Se han registrado 255 casos iniciados ante el CIADI desde su creación hace cuarenta años (se sabe de la existencia de casos tan secretos que ni siquiera están registrados… pero es imposible saber cuántos son). De ellos, dos tercios se han planteado en los últimos cuatro años. Una verdadera avalancha, cuyo principal blanco son los países latinoamericanos, y en particular Argentina.

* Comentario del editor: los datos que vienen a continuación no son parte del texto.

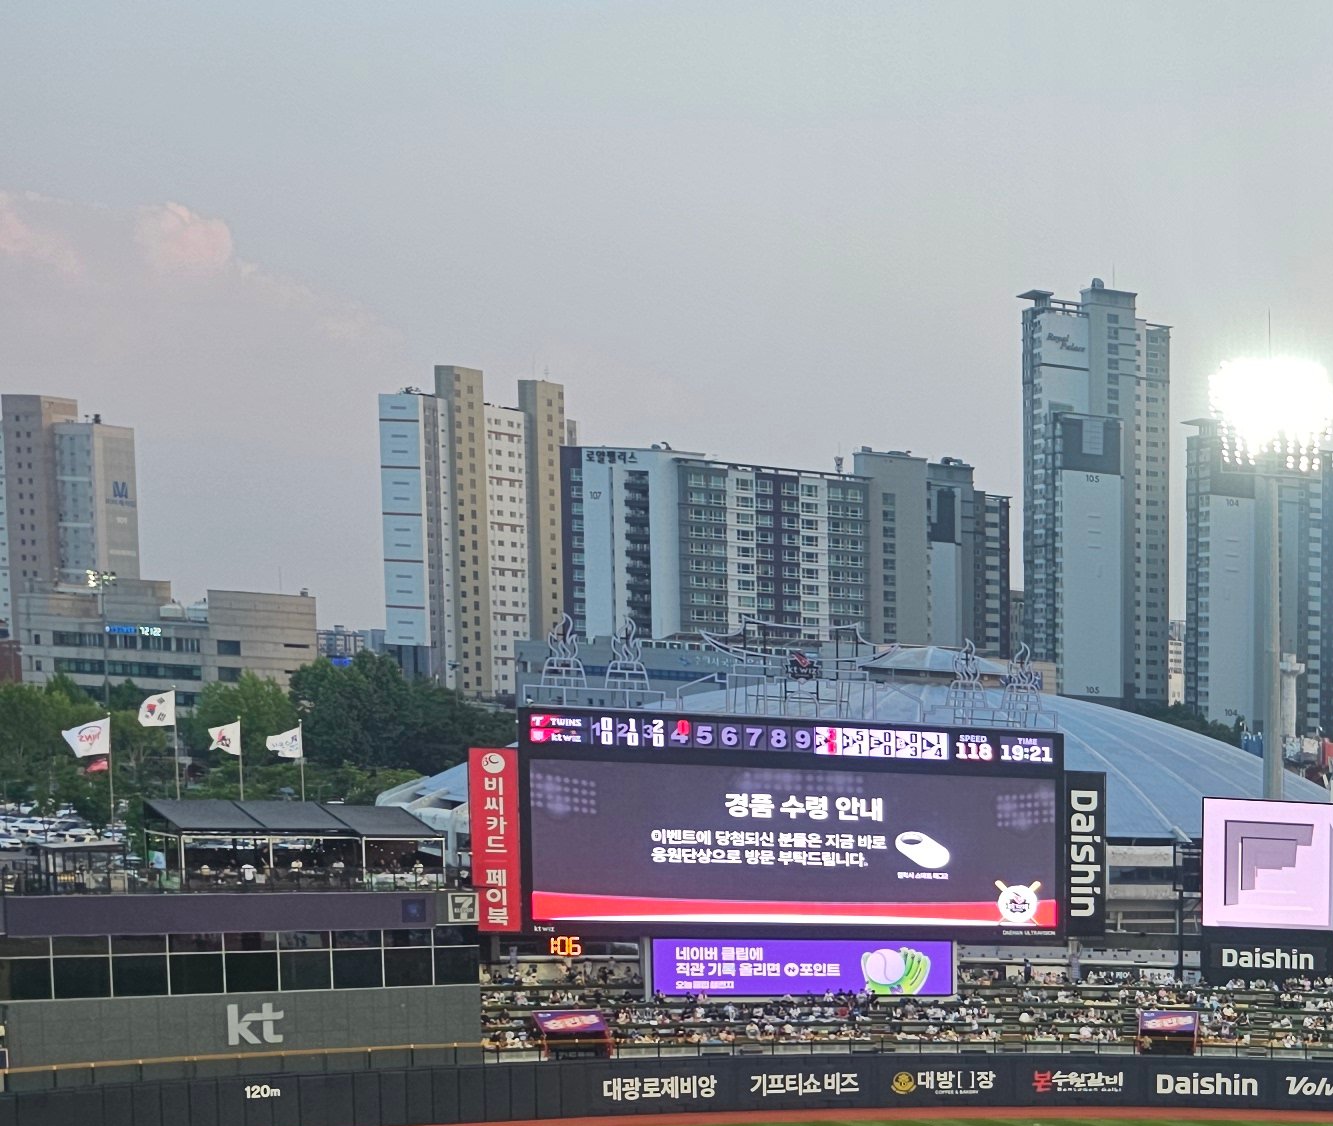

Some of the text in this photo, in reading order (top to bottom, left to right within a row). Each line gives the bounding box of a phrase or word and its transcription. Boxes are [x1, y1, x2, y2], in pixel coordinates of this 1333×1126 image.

[1086, 474, 1100, 483] 105
[589, 491, 602, 500] 107
[1225, 498, 1239, 507] 104
[1086, 686, 1100, 694] 105
[550, 717, 582, 727] TWINS
[696, 726, 713, 745] 5
[721, 728, 737, 746] 6
[746, 729, 762, 747] 7
[770, 730, 787, 749] 8
[795, 731, 811, 749] 9
[959, 734, 988, 743] SPEED
[1017, 737, 1038, 746] TIME
[956, 742, 993, 761] 118
[1000, 744, 1054, 763] 19:21
[484, 777, 508, 853] 비씨카드
[725, 793, 884, 822] 경품 수령 안내
[651, 829, 888, 850] 이벤트에 당첨되신 분들은 지금 바로
[651, 847, 742, 865] 응원단상으로
[744, 849, 776, 865] 방문
[1070, 790, 1100, 917] Daishin
[486, 869, 509, 926] 페이북
[675, 946, 718, 961] 네이버
[1221, 948, 1314, 970] Daishin
[675, 962, 780, 977] 직관 기록 올리면
[226, 1002, 284, 1046] kt
[244, 1084, 281, 1098] 120m
[602, 1073, 718, 1101] 대광로제비앙
[749, 1071, 860, 1097] 기프티쇼 비즈
[1156, 1072, 1259, 1096] Daishin
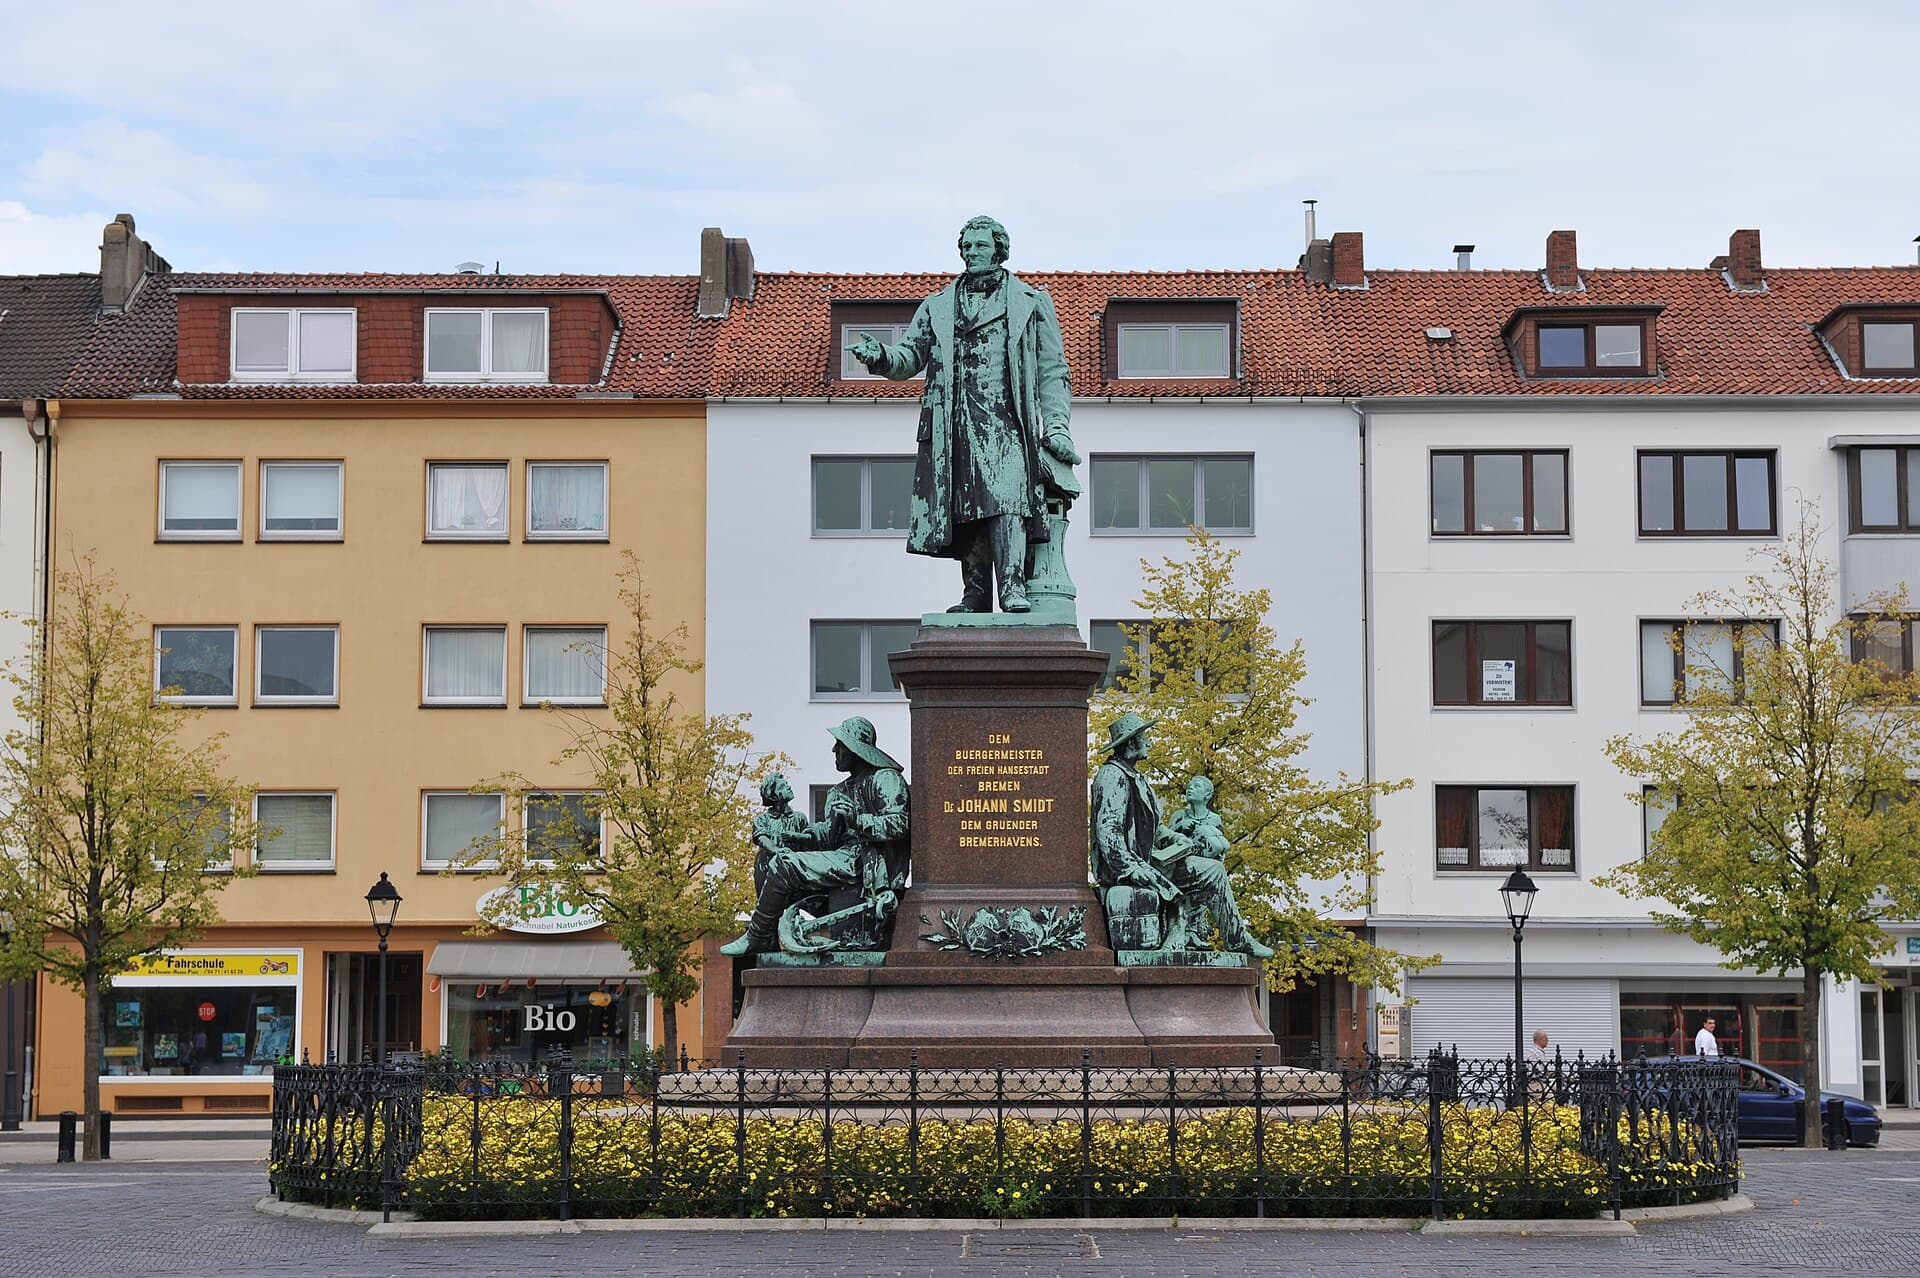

Antes, el derecho internacional sólo preveía litigios entre Estados, como en la corte internacional de La Haya. La OMC sólo admite a los Estados como partes en sus arbitrajes. Una empresa o grupo de empresas debe convencer a su gobierno para que éste lleve una queja contra otro país a la OMC, pero puede demandar directamente ante el CIADI al gobierno que la hospeda, pasando por encima de la justicia local.
No cualquier inversor puede hacer eso, sin embargo. Si una medida gubernamental afecta a una empresa nacional y a otra extranjera, la nacional tiene que conformarse con el poder judicial nacional y la extranjera recurre al CIADI, que de justicia tiene poco: sus instancias son secretas y sus fallos sólo son apelables ante el propio CIADI, actualmente presidido por Paul Wolfowitz y secretariado por Ana Palacio, ex ministra de Asuntos Exteriores de José María Aznar y amiga política de Wolfowitz de los tiempos en que éste diseñó la invasión a Irak.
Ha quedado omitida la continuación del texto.